2015年2月27日金曜日

ヌードモデルと描き手の関係

 人体を造形するには、モデルの観察が必要になることが多い。美術大学などの美術系教育機関では授業でモデルデッサンを行う。作家としてモデルを雇う人は全体的には少数派だろうから、モデルデッサンと聞くと学校の授業を思い起こす経験者が多いのではないだろうか。それでも社会全体で見れば経験者の方が圧倒的に少ないから、一般的にはモデルデッサンと言われてもあまりピンと来ないのではないだろうか。

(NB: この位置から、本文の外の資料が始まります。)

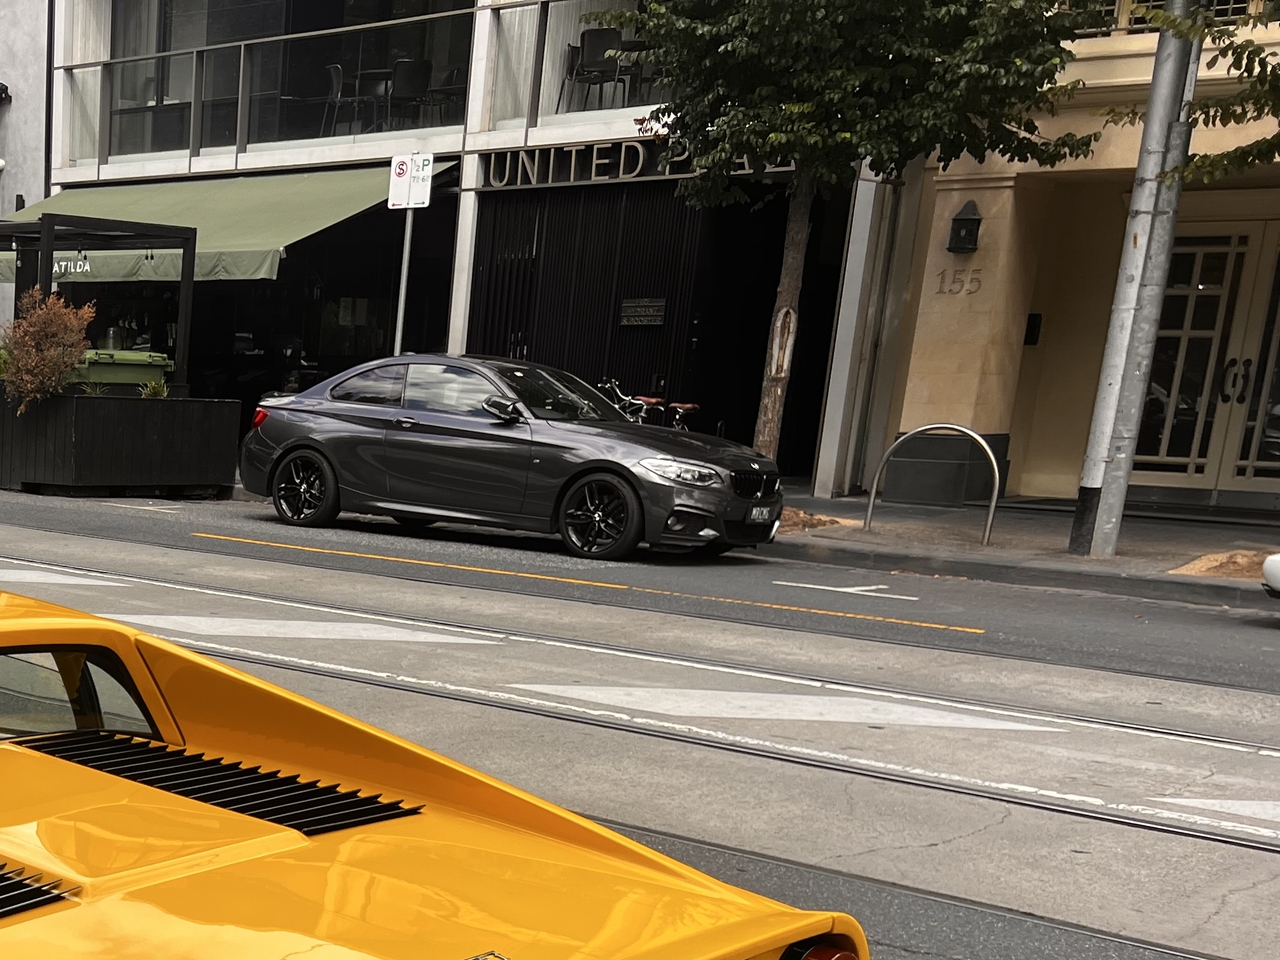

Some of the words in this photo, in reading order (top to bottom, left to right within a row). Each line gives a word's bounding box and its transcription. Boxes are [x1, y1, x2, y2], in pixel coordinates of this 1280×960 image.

[488, 140, 645, 188] UNITED
[52, 261, 91, 274] ATILDA
[935, 268, 983, 295] 155
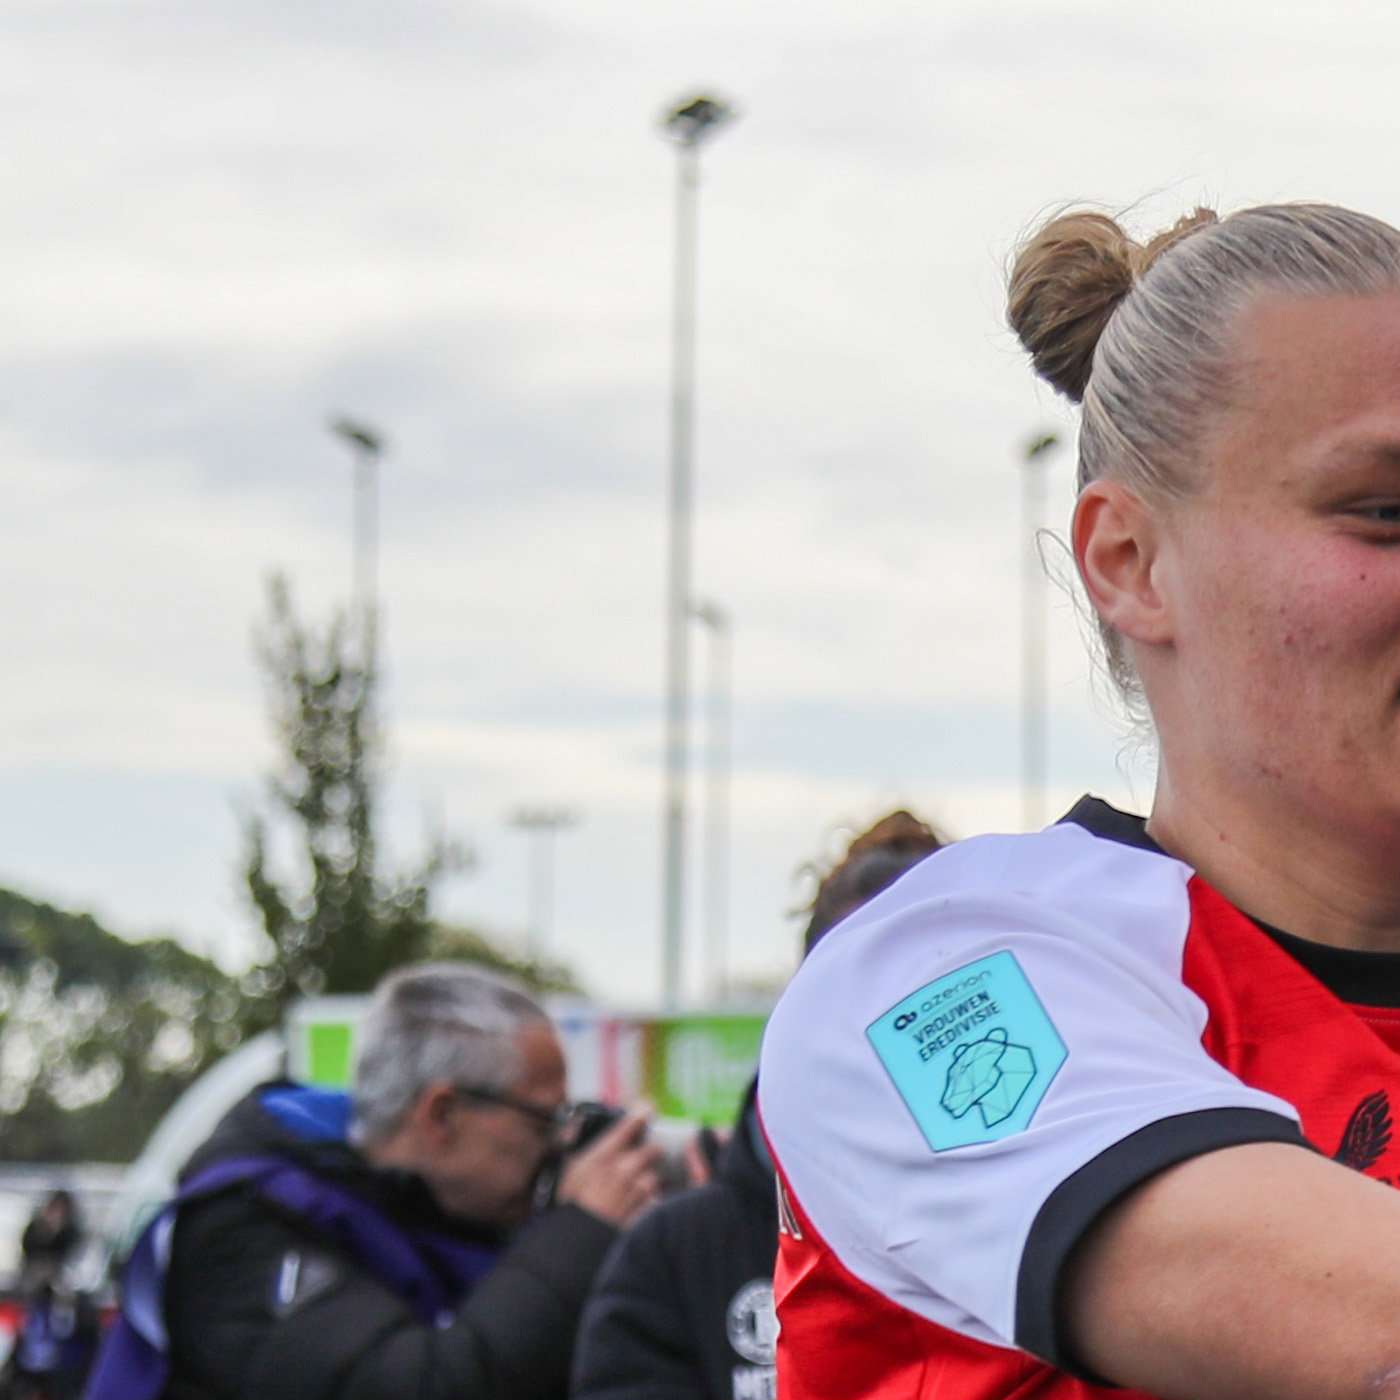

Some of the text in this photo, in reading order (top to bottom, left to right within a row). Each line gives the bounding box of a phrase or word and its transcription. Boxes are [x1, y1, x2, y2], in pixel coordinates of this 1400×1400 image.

[911, 989, 991, 1046] VROUWEN
[921, 970, 992, 1013] azerion
[917, 1001, 1000, 1063] EREDIVISIE

 どういうことが行われているかと言えば、外から見えないようにカーテンが閉められた広めの部屋の真ん中に「モデル台」という30㎝ほどの高さの直径1.5メートルほどの台があり、そこに毛布が引いてある。そこでモデルさんがポーズを取る。ポーズはこちらが指定することもあれば、モデルさんに任せることも多い。実際、ほとんどのモデルさんが「絵になるポーズ」を心得ている。時々、個性的なポーズやアクロバティックなポーズで頑張るひともいるが、そういう人はごく少数だと思う。ポーズを取る時間は15分から20分で、続いて5分などの休憩を入れる。このポーズ、休憩のサイクルを全セッションの間繰り返す。時間管理はモデルさん自身がタイマーをセットするのが普通だ。アラームがなると描く側が「お願いします」と声を掛け、終わりの時は「ありがとうございました」や「お疲れ様でした」と声がけする。ポーズは全セッションを通して固定ポーズのこともあれば、ポーズごとに変えて貰うこともある。ポーズは「立ち」、「座り」、「寝ポーズ」がある。座りは、ポーズ台に腰を下ろすものや椅子に座るものもある。ポーズにモデルさんの個性が表れると言える。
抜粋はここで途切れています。